**Image-backed grounding data**
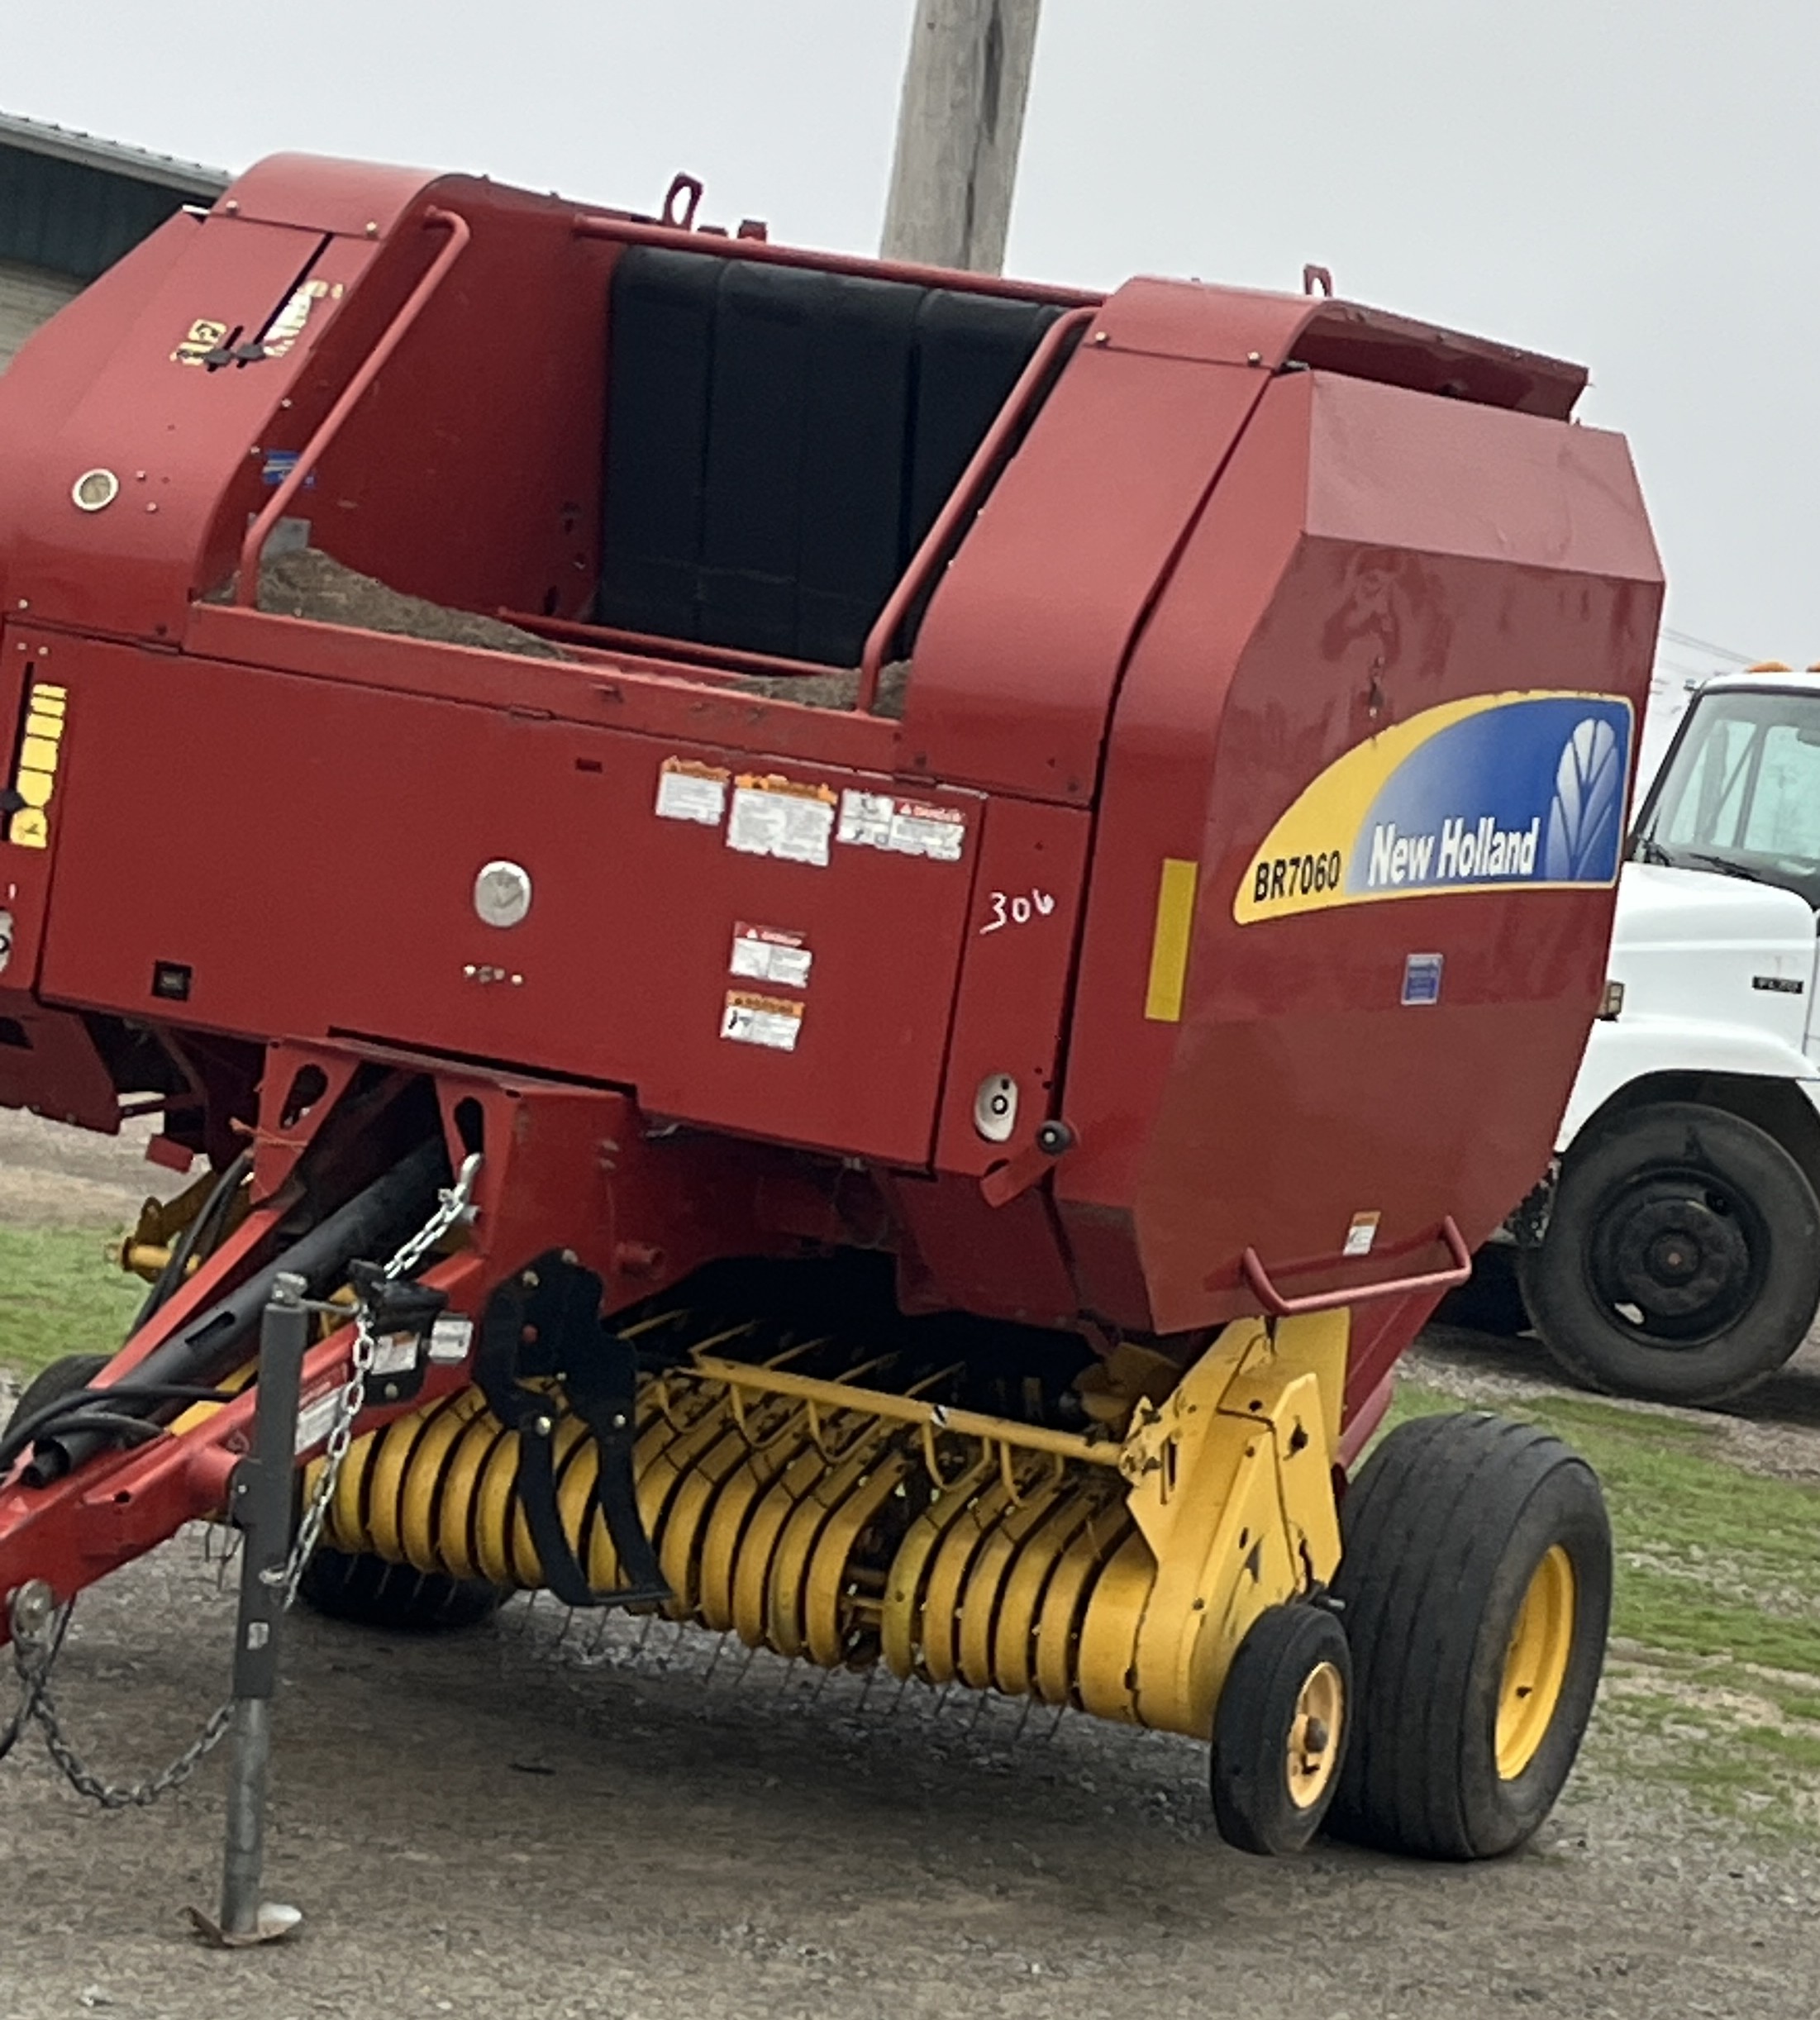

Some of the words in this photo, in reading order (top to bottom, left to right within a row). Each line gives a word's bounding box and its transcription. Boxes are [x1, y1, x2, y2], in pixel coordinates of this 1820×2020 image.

[1254, 850, 1341, 903] BR7060
[1368, 824, 1434, 886] New
[1436, 817, 1541, 879] Holland
[979, 889, 1055, 935] 306

**EXERCISE AIM**
A word-for-word copy of all the data is required, minus the pictures.

**WRITTEN ANSWER**
Some of the words in this photo, in reading order (top to bottom, left to right within a row). Each line gives a word's bounding box and its transcription. Boxes are [x1, y1, x2, y2], in pixel coordinates of this 1820×2020 image.

[1254, 850, 1341, 903] BR7060
[1368, 824, 1434, 886] New
[1436, 817, 1541, 879] Holland
[979, 889, 1055, 935] 306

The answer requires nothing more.